=== Activity ===
Pictures are to be left out, and every entry repeated exactly.

=== Data to use ===
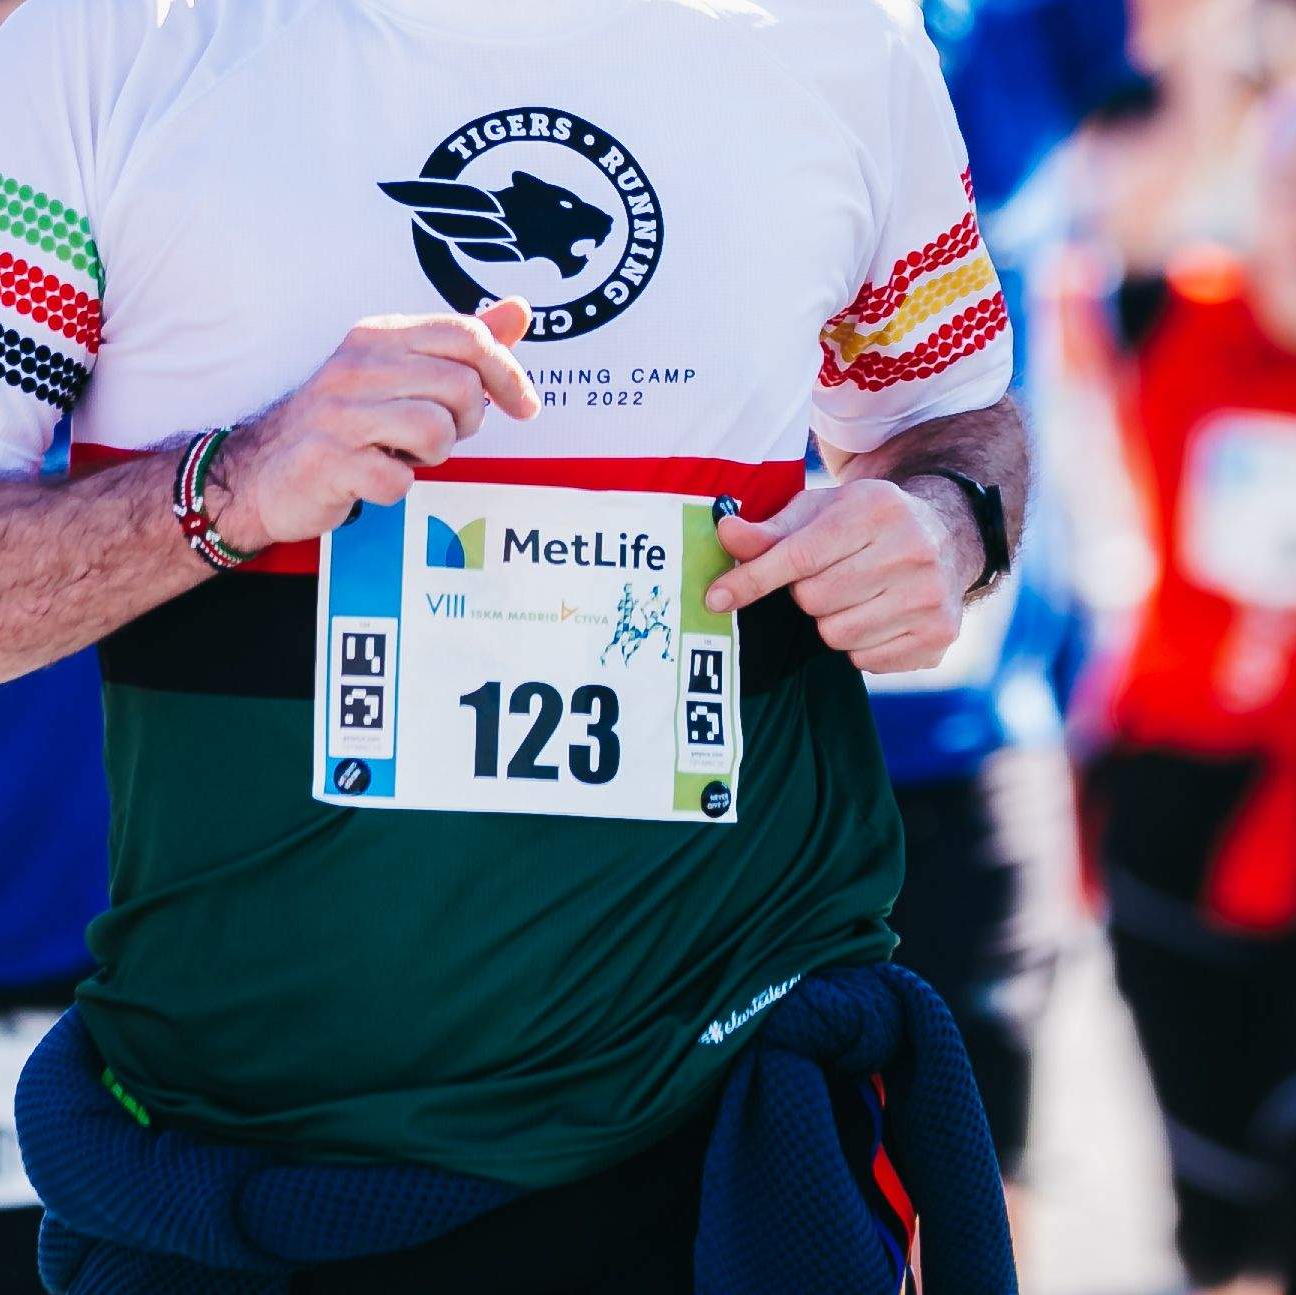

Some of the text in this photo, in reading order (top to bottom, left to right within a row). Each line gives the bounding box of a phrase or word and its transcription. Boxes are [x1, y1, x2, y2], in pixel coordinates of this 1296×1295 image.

[447, 112, 572, 160] TIGERS
[599, 145, 657, 305] RUNNING
[631, 368, 696, 384] CAMP
[587, 391, 644, 406] 2022
[503, 527, 666, 571] MetLife
[426, 593, 466, 618] VIII
[507, 609, 559, 623] MADRID
[459, 680, 621, 785] 123
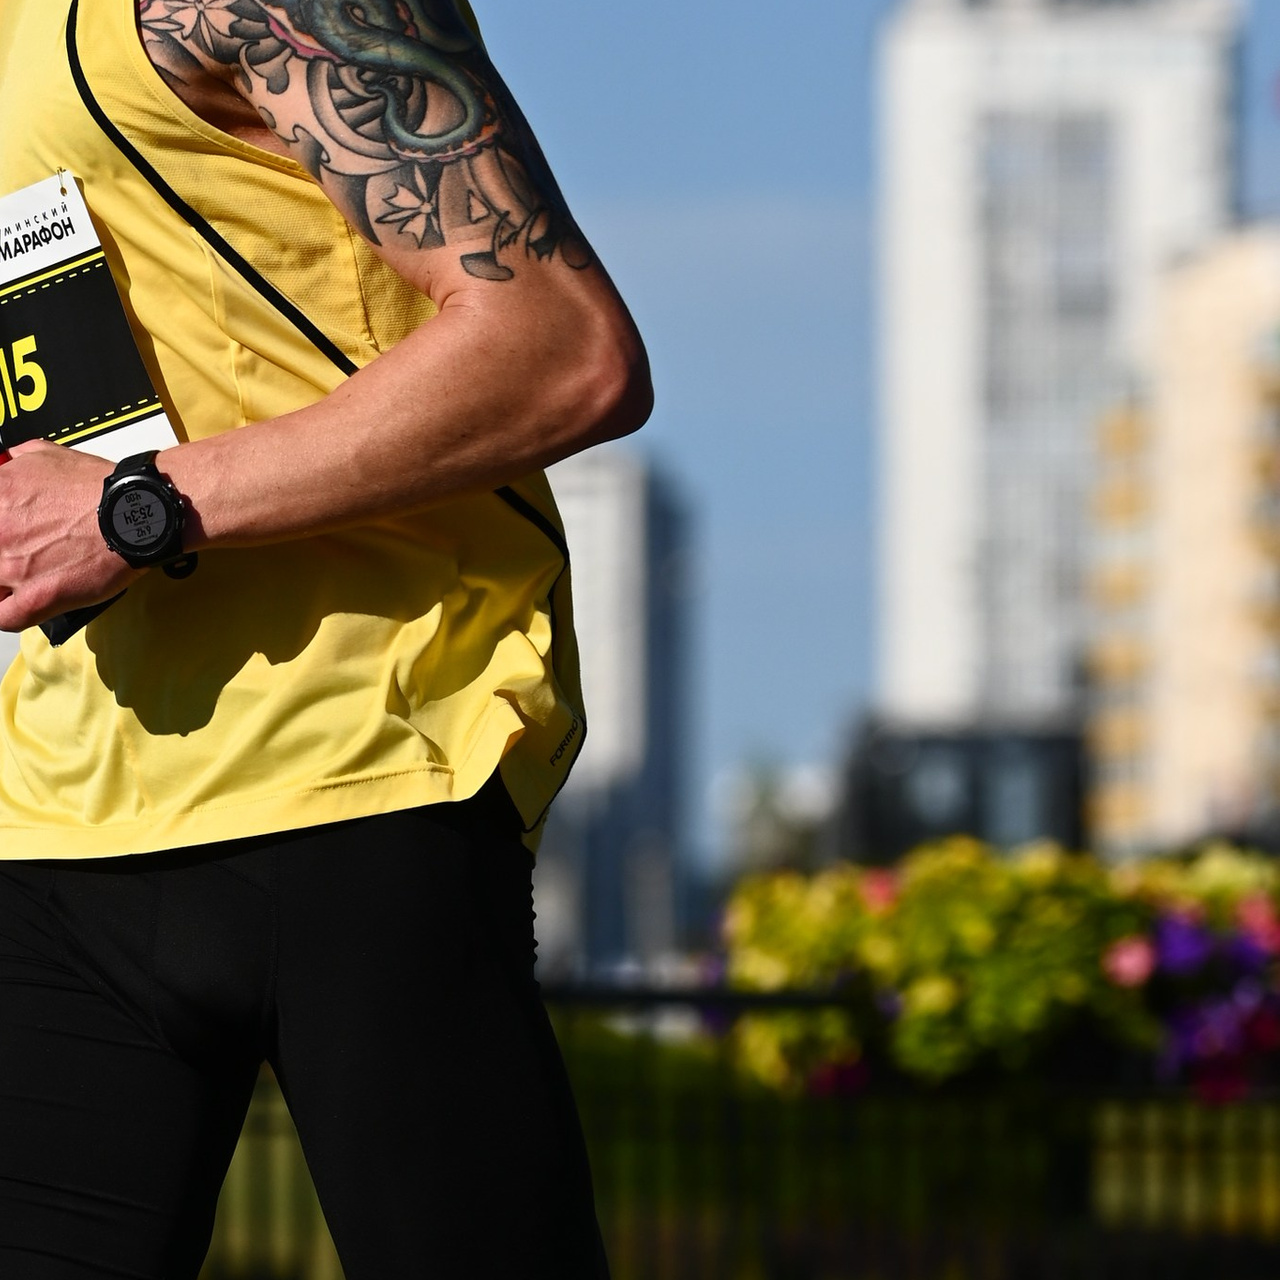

=== Task response ===
Some of the text in this photo, in reading order (top to bottom, left to right within a row). Each line gives the bounding box of a phrase or word and its transcription. Boxes are [x1, y1, x2, y2], in pixel coordinates of this 1296×1295 image.

[447, 112, 572, 160] TIGERS
[599, 145, 657, 305] RUNNING
[631, 368, 696, 384] CAMP
[587, 391, 644, 406] 2022
[503, 527, 666, 571] MetLife
[426, 593, 466, 618] VIII
[507, 609, 559, 623] MADRID
[459, 680, 621, 785] 123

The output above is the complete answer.